Perché si tarda tanto a riconoscere questa patologia, che colpisce 1 donna su 10 in età fertile, secondo le stime?
“Intanto va detto che si tratta di una patologia multifattoriale, cioè legata a più fattori. L’endometriosi è dovuta a infiammazione cronica degli organi genitali femminili e del peritoneo pelvico, dovuta alla presenza anomala in queste zone di cellule endometriali, cioè cellule che dovrebbero trovarsi nell’endometrio (all’interno dell’utero) e che, per motivi non ancora chiari, migrano e si possono trovare in prossimi di organi genitali o addominali, dove si formano lesioni (o cisti) che sono la causa del dolore”, spiega Mele. “Il motivo per cui si tarda a diagnosticarla sono legati anche ai sintomi con i quali si presenta la sindrome”, prosegue l’esperta.
Quali sono i sintomi tipici e come si possono riconoscere?
“Ci sono tre tipi di dolori tipici: quelli mestruali (dismenorrea), che compaiono solitamente non il primo, ma il secondo e terzo giorno di ciclo mensile; quelli nei rapporti sessuali, che sono più ‘profondi’, e quelli pelvici, che in genere sono crampi, fitte o tensione addominale. In tutti e tre i casi all’inizio si è più propensi a pensare ad altre cause, come lo stress, una scarsa lubrificazione, esperienze sessuali precedenti negative, oppure problemi nella digestione, colite, ecc.”, spiega la ginecologa.
Quanto conta, quindi, la componente psicologica?
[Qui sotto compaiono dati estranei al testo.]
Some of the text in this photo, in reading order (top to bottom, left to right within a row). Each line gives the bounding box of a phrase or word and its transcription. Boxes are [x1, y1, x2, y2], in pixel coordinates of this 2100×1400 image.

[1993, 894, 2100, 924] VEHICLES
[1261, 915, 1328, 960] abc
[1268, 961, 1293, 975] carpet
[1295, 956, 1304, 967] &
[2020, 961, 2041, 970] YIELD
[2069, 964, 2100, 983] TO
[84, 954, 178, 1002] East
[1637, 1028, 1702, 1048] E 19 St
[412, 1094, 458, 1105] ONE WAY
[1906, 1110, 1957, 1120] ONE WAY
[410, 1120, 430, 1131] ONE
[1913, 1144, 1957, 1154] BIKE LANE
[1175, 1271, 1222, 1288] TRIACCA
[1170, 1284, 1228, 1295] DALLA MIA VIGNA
“Il fattore psicologico può avere un ruolo soprattutto quando è la paziente che è restia a raccontare cosa prova, soprattutto per pudore se i dolori si provano durante i rapporti sessuali, e specie quando non c’è un rapporto di confidenza con il medico – chiarisce Mele – Ma il medico dovrebbe prendere in considerazione l’ipotesi che si possa trattare anche di endometriosi, procedendo con alcuni esami diagnostici, specie se antinfiammatori o antidolorifici non sono risolutivi”.
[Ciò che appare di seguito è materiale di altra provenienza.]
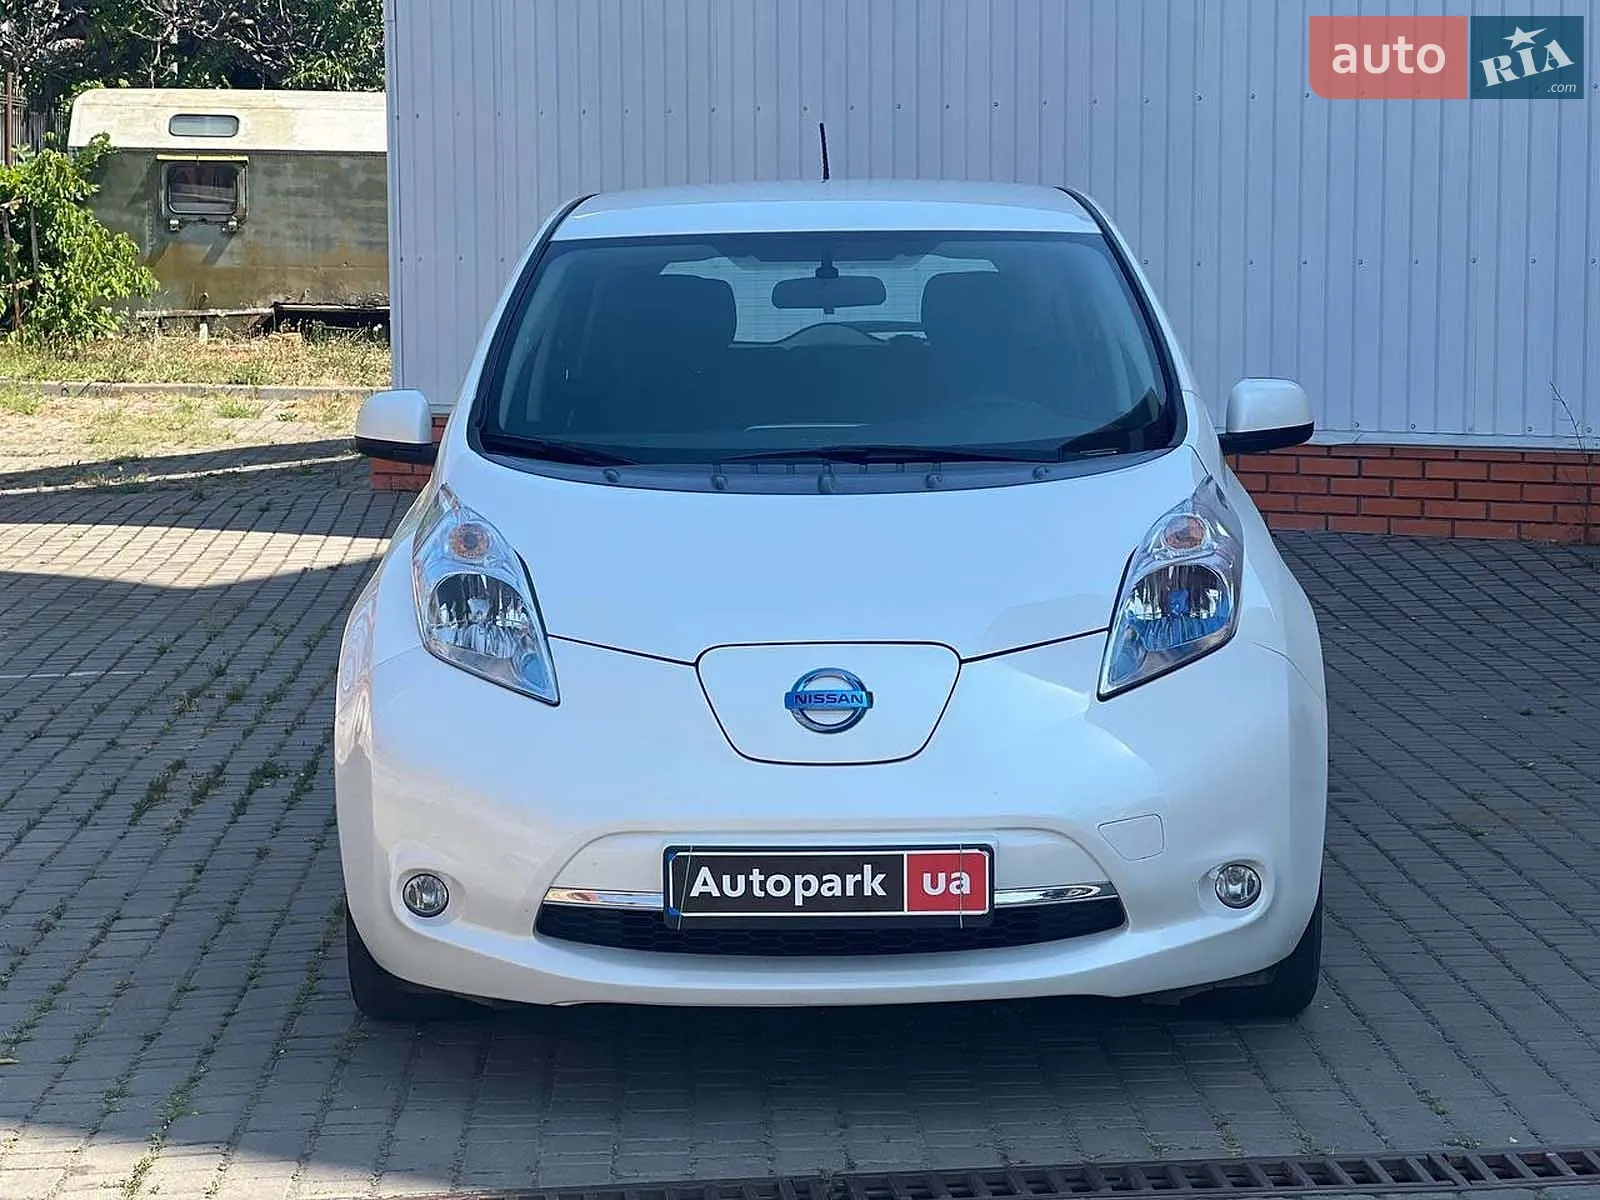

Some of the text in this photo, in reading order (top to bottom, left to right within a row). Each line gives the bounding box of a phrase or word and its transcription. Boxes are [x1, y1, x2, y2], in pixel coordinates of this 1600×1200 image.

[794, 693, 864, 704] NISSAN
[689, 864, 971, 906] Autopark ua
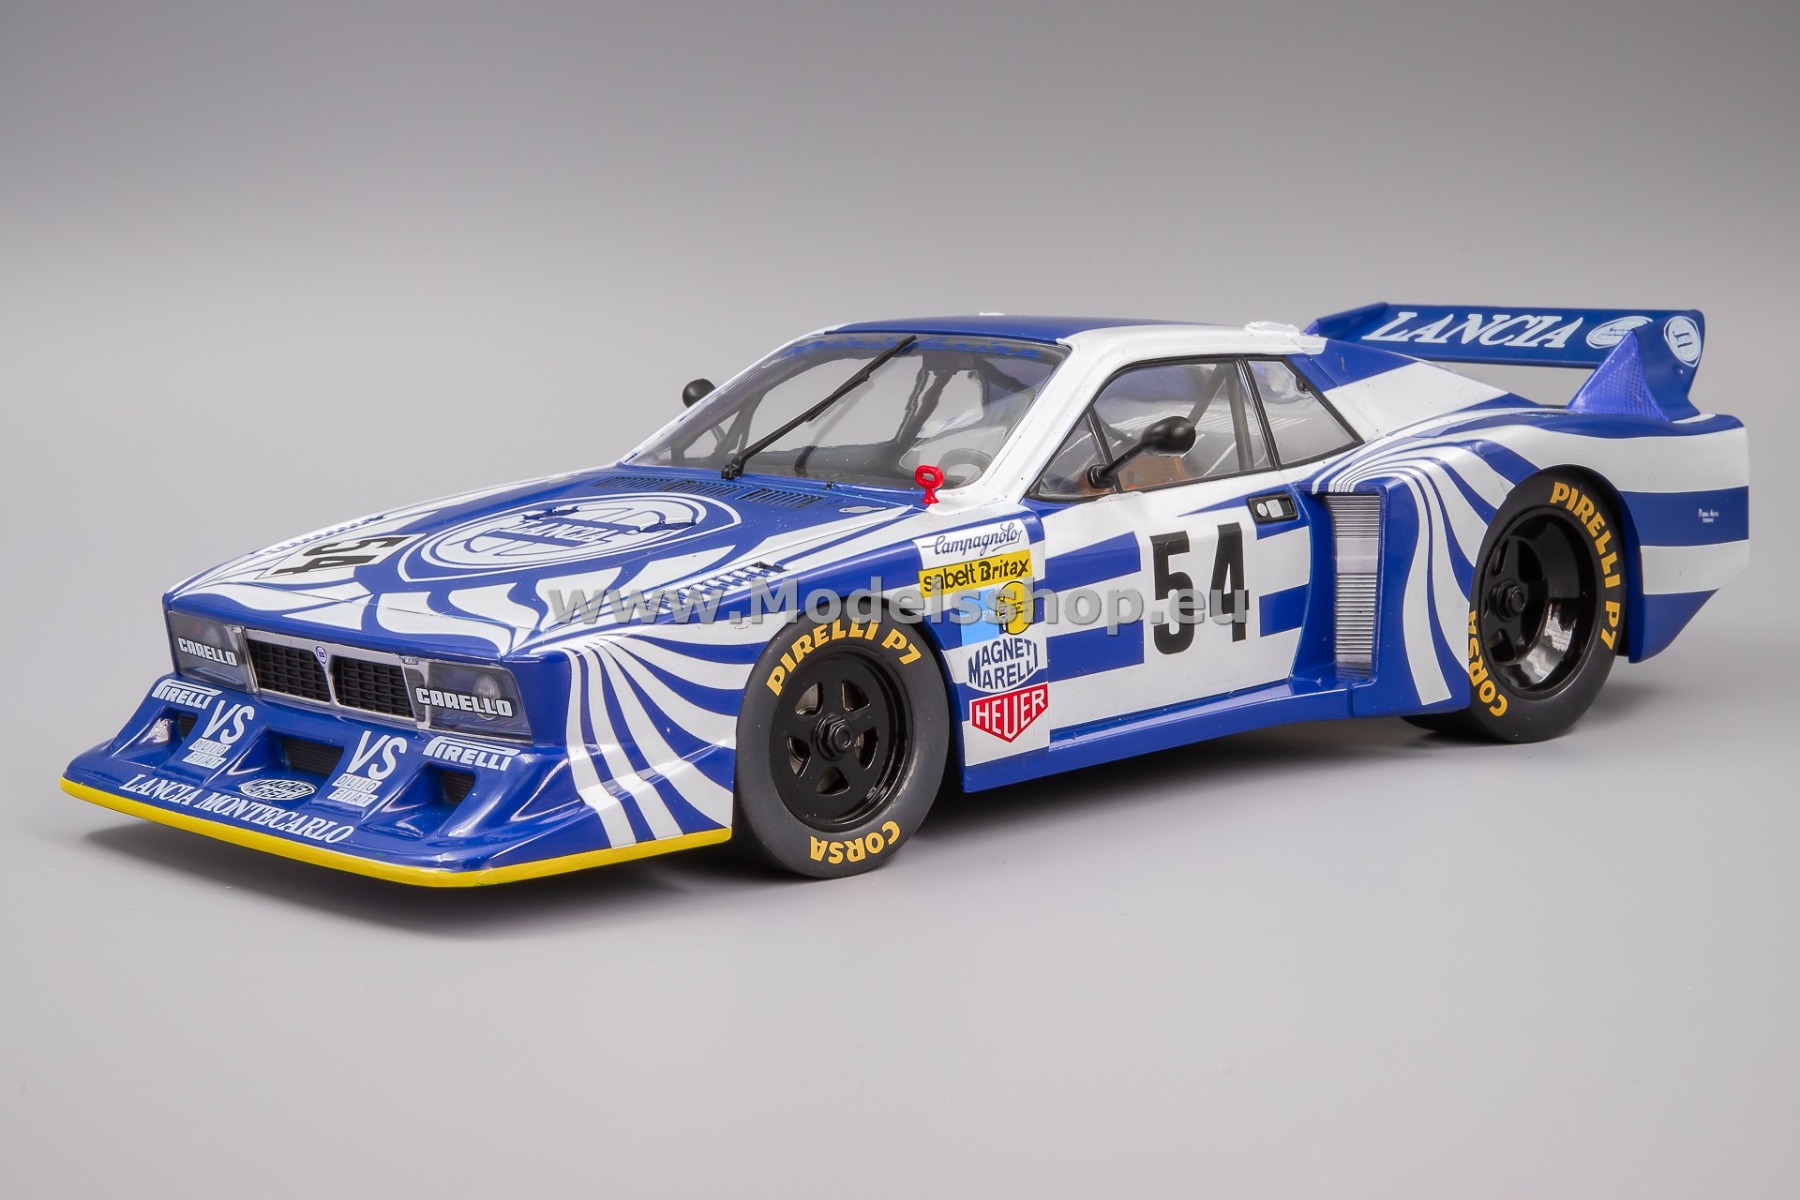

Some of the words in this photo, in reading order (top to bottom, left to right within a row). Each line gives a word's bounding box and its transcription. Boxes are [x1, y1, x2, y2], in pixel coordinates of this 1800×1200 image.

[1361, 312, 1583, 348] LANCIA
[499, 520, 619, 545] LANCIA
[922, 522, 1023, 557] Campagnolo
[271, 536, 412, 575] 54
[1549, 481, 1621, 588] PIRELLI
[1601, 600, 1621, 650] P7
[923, 562, 976, 592] sabelt
[979, 559, 1029, 583] Britax
[1151, 522, 1250, 655] 54
[178, 637, 238, 667] CARELLO
[766, 617, 879, 697] PIRELLI
[881, 628, 922, 665] P7
[968, 638, 1038, 675] MAGNETI
[968, 653, 1038, 689] MARELLI
[151, 678, 223, 710] PIRELLI
[415, 687, 513, 717] CARELLO
[202, 700, 255, 745] VS
[975, 688, 1046, 740] HEUER
[346, 730, 408, 780] VS
[422, 735, 521, 772] PIRELLI
[119, 774, 202, 805] LANCIA
[193, 792, 355, 844] MONTECARLO
[810, 820, 901, 865] CORSA
Come si procede, quindi, con che esami e come si interviene una volta diagnosticata l’endometriosi?
“Premesso che da qualche tempo molti studi stanno indagando anche l’ipotesi che alla base dell’endometriosi ci possa essere un problema di reazione autoimmune alla presenza anomala delle cellule dell’endometrio dove non dovrebbero essersi, l’esame diagnostico per eccellenza è la laparoscopia, che permette di vedere eventuali lesioni o anomalie, come cisti endometriosiche – spiega la ginecologa – In questo caso si può procedere all’asportazione chirurgica, di tipo conservativo, cioè possibilmente senza intaccare la fertilità della paziente”.
Quanto può contare anche l’alimentazione nella riduzione del dolore tipico di questa patologia?
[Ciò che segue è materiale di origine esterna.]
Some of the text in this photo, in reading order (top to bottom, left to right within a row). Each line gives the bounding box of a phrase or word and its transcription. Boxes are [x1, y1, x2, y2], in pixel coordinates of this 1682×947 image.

“Come accade per altre patologie croniche, il regime alimentare può contribuire a ridurre il dolore e l’infiammazione. Per questo può essere importante individuare un piano dietetico adatto che combini cibi antinfiammatori e disintossicanti o liberi da ormoni, stimolando anche il sistema immunitario – prosegue l’esperta – Io consiglierei in generale di aumentare il contenuto di fibre nella dieta, che aiutano la digestione e il buon funzionamento dell’intestino. Significa non farsi mancare verdure, cereali integrali, legumi, frutta e semi oleosi. È suggerito anche un aumento dell’assunzione di acidi grassi Omega 3 che aumenta l’azione della prostaglandina nel ridurre l’infiammazione addominale, quindi per esempio salmone, avocado e frutta secca. Sono invece da ridurre le carni rosse (è sempre preferita la carne bianca), i latticini (da assumere in quantità minima) e il glutine da non eliminare completamente, ma preferibilmente da consumare in forma integrale e grezza. Andrebbero evitati i cibi molto processati, l’alcol, la soia, i grassi saturi e le farine bianche, oltre ai dolci molto zuccherati, ad avena e segale, per l’alto contenuto di estrogeni che questi ultimi hanno”.